Watching Peter Kostis analyze amateur swings at the AT&T National Pro-Am always reminds of Lucy’s psychiatry booth in Peanuts. I visualize Kostis sitting behind the 17th tee, offering 5 cent analysis and therapy.
This year Kostis had a co-therapist, with Nick Faldo jumping in and adding his suggestions. It reminded of bad group therapy sessions I’ve seen, with two therapists pitching in and flooding a patient with more information than can be absorbed. It may all be true, but it’s unlikely to help very much.
On the other hand, watching the videos of the amateurs’ swings is therapeutic for me. It may not be helpful to see that just about everyone fights coming over the top and that I don’t have as much trouble with footwork as a lot of folks do, but it does somehow make me feel better. It’s the “I may have problems, but look at that guy,” effect. (And he gets to play Pebble Beach!? Is that fair? I ask you!!)
One of psychologist Albert Ellis’s favorite observations was that people are “nauseatingly similar.” Ellis was the developer of Rational Emotive Psychotherapy, a no-nonsense approach to therapy that essentially says that irrational beliefs are what make us miserable. It isn’t what happens, it’s what you tell yourself about what is happening, and a lot of what you tell yourself is irrational. When people would come in wearing their problems like a badge of honor, thinking that no one has ever suffered quite like they have, Ellis would puncture that balloon by telling them that people are “nauseatingly similar.”

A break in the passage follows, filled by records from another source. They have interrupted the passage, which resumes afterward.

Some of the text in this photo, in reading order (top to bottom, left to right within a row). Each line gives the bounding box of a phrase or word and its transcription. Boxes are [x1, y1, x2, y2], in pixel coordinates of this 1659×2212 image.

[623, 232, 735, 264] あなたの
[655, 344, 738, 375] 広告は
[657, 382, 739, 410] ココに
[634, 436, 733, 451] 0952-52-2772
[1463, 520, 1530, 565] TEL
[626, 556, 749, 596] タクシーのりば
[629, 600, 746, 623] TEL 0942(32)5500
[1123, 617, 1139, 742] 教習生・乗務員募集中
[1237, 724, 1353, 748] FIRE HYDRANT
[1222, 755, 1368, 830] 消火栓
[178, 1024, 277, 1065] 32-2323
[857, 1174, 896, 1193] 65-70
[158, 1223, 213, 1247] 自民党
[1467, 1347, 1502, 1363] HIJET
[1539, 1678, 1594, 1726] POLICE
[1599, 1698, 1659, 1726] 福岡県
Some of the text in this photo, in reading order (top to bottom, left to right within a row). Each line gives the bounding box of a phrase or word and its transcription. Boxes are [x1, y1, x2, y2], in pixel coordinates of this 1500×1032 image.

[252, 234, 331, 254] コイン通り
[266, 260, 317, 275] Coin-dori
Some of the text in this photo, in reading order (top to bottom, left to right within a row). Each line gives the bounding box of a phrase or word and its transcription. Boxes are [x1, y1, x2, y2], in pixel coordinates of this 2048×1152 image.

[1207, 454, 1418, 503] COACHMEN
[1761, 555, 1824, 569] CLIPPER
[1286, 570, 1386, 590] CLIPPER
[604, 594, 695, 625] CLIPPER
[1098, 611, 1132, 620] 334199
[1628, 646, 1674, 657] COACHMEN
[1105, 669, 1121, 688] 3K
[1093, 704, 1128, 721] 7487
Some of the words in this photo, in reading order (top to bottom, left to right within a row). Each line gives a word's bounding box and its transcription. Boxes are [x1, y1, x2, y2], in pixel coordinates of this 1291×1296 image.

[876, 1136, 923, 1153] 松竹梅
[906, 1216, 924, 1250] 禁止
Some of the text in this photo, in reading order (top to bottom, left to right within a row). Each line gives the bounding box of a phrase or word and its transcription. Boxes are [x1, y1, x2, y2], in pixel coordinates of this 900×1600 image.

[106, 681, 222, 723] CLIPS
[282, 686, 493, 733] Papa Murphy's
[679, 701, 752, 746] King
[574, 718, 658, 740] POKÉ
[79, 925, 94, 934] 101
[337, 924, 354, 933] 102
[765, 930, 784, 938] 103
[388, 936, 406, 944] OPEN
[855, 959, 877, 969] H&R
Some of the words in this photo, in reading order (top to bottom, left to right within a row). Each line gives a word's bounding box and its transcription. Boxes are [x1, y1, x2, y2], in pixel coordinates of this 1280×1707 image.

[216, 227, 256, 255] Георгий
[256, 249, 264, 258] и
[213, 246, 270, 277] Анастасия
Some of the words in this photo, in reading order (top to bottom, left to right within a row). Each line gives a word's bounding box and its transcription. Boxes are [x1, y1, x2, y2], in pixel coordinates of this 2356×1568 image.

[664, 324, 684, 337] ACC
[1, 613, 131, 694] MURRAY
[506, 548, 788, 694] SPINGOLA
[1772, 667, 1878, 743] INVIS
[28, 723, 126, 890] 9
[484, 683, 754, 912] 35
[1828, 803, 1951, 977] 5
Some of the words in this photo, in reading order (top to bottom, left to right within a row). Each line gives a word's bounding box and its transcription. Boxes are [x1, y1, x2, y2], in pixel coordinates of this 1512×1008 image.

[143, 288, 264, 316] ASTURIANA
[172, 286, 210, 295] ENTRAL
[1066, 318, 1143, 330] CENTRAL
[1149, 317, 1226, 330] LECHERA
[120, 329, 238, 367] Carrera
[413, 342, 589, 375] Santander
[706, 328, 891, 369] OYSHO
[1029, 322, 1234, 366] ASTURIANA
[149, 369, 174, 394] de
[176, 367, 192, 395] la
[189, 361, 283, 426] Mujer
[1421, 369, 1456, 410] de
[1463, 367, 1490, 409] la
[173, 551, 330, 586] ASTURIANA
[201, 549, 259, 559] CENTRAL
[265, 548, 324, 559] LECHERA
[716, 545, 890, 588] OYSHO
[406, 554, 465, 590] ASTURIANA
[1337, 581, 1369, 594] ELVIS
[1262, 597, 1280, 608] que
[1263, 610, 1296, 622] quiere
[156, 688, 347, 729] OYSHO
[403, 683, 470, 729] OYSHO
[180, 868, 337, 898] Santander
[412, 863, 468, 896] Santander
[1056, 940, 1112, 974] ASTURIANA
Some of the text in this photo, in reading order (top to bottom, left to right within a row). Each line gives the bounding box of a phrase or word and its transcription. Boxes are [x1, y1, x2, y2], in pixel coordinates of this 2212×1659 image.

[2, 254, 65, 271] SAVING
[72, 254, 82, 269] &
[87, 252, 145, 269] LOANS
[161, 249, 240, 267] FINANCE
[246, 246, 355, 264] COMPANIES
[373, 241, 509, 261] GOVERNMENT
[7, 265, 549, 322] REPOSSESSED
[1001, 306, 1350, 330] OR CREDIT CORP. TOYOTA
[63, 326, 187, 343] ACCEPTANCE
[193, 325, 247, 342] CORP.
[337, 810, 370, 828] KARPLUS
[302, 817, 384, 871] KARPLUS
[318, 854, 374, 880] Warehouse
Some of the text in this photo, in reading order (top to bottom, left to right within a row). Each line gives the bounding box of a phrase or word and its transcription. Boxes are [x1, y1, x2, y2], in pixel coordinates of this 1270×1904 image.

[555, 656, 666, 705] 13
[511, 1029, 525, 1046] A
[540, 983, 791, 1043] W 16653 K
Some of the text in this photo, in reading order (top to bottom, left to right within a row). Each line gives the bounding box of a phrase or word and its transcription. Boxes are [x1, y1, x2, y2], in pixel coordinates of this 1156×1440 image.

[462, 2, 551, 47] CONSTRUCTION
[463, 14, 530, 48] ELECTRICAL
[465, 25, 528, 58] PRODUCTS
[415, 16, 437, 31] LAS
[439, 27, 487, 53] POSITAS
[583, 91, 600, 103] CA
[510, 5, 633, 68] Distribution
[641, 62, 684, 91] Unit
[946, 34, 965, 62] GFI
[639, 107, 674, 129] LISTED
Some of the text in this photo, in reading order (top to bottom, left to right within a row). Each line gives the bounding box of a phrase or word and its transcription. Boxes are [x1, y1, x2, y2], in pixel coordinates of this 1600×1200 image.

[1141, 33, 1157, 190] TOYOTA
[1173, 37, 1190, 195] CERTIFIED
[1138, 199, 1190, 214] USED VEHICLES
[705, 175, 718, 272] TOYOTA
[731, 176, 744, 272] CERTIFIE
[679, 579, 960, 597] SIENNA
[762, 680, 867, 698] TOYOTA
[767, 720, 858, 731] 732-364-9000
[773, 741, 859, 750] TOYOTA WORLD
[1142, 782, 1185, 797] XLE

I don’t know if Albert Ellis was a golfer, but it’s a great demonstration of how similar people are. Not only are all those amateur swings fighting similar problems, but Charlie Wi can four putt, just like me.
But there’s no way I’ll ever shoot 64 to win at Pebble. Even if I could afford the greens fees and paid Kostis a nickel for analysis of every shot and asked Faldo for a second opinion. It ain’t gonna happen. People aren’t quite that “nauseatingly similar.”
I wonder how tired Kostis gets of saying “Konica Minolta Biz Hub Swing Vision Camera?” He must hear that in his dreams.